▶ Free-text object descriptions:
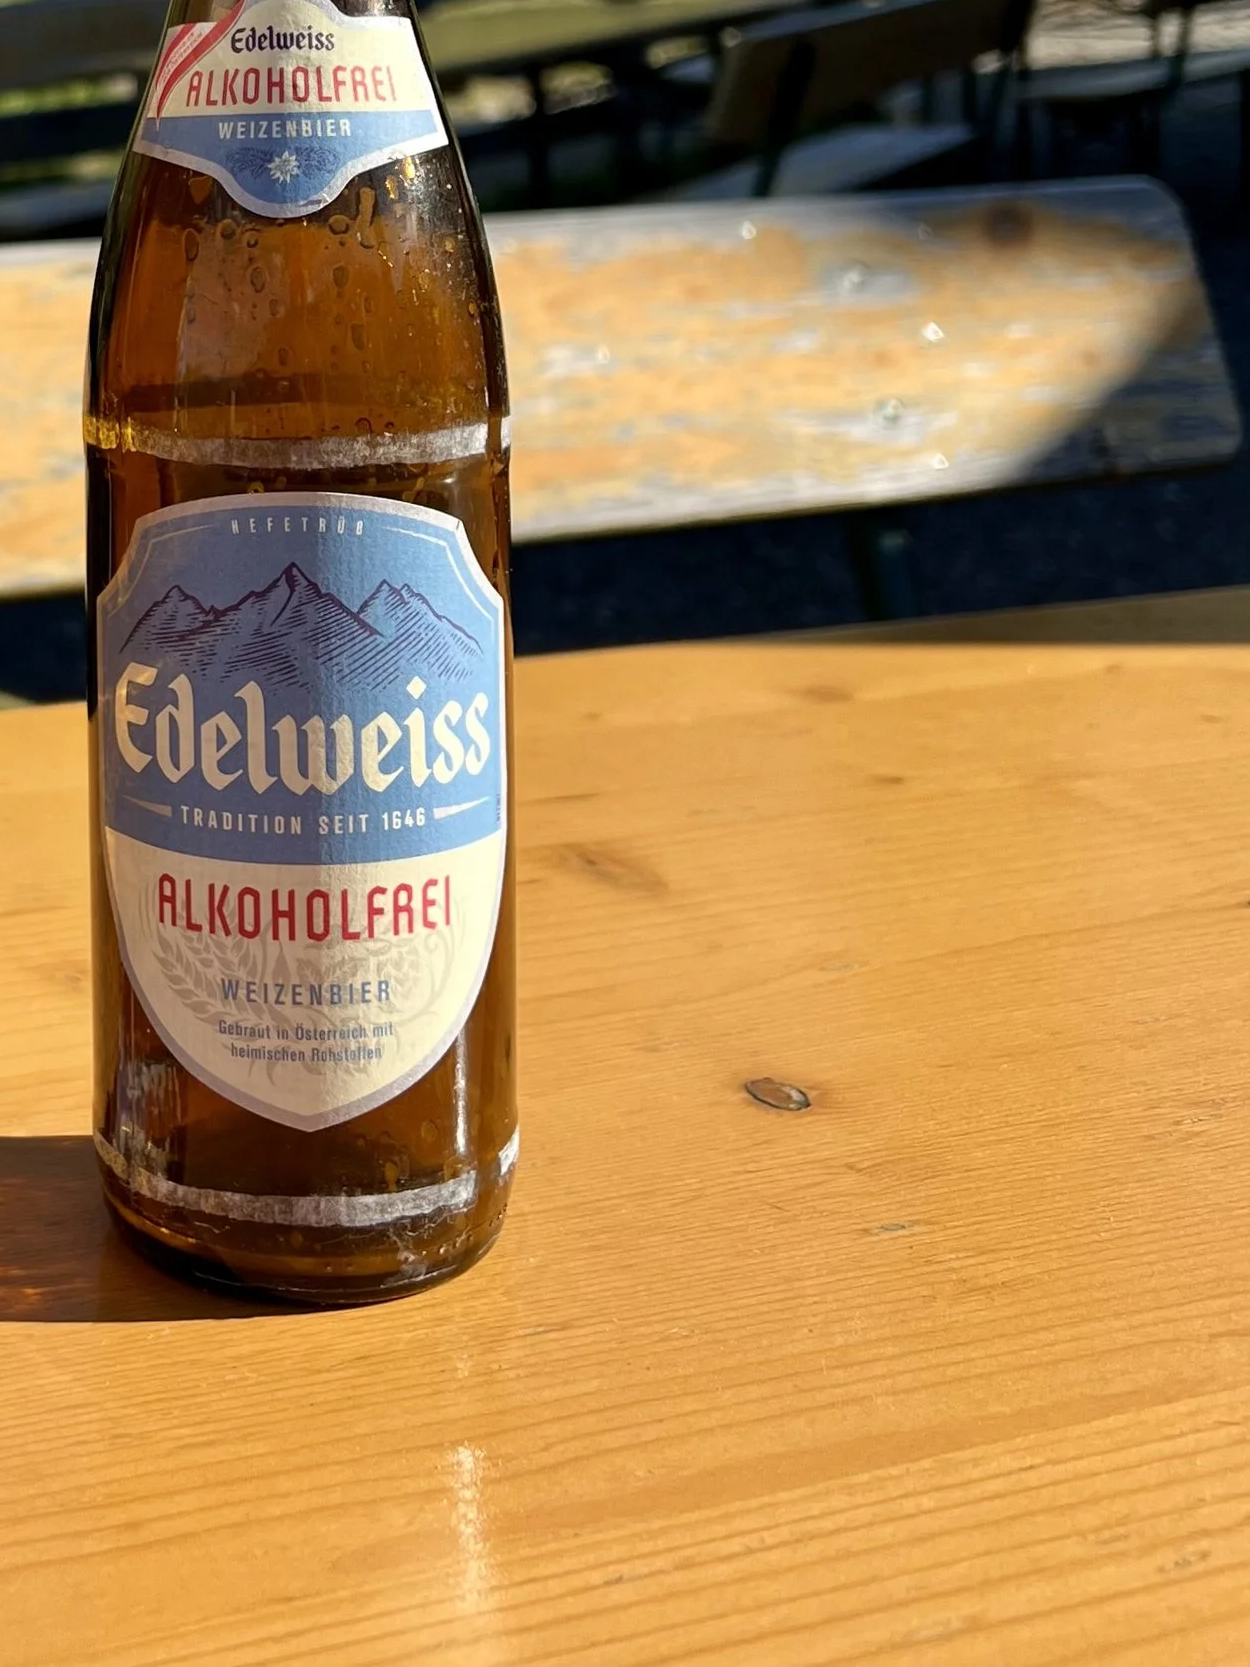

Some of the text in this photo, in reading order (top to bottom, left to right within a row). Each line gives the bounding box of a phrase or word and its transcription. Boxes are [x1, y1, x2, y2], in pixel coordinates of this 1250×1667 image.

[230, 25, 335, 53] Edelweiss
[186, 65, 397, 107] ALKOHOLFREI
[218, 119, 352, 140] WEIZENBIER
[231, 516, 364, 536] HEFETRÜB
[115, 662, 491, 795] Edelweiss
[180, 805, 426, 835] TRADITION SEIT 1646
[158, 872, 451, 942] ALKOHOLFREI
[221, 978, 391, 1006] WEIZENBIER
[218, 1019, 394, 1041] Gebraut in Österreich mit
[231, 1042, 382, 1063] heimischen Rohstoffen

▶ Work task:
Please retype every record above exactly, leaving out the pictures.

▶ Final answer:
Some of the text in this photo, in reading order (top to bottom, left to right within a row). Each line gives the bounding box of a phrase or word and its transcription. Boxes are [x1, y1, x2, y2], in pixel coordinates of this 1250×1667 image.

[230, 25, 335, 53] Edelweiss
[186, 65, 397, 107] ALKOHOLFREI
[218, 119, 352, 140] WEIZENBIER
[231, 516, 364, 536] HEFETRÜB
[115, 662, 491, 795] Edelweiss
[180, 805, 426, 835] TRADITION SEIT 1646
[158, 872, 451, 942] ALKOHOLFREI
[221, 978, 391, 1006] WEIZENBIER
[218, 1019, 394, 1041] Gebraut in Österreich mit
[231, 1042, 382, 1063] heimischen Rohstoffen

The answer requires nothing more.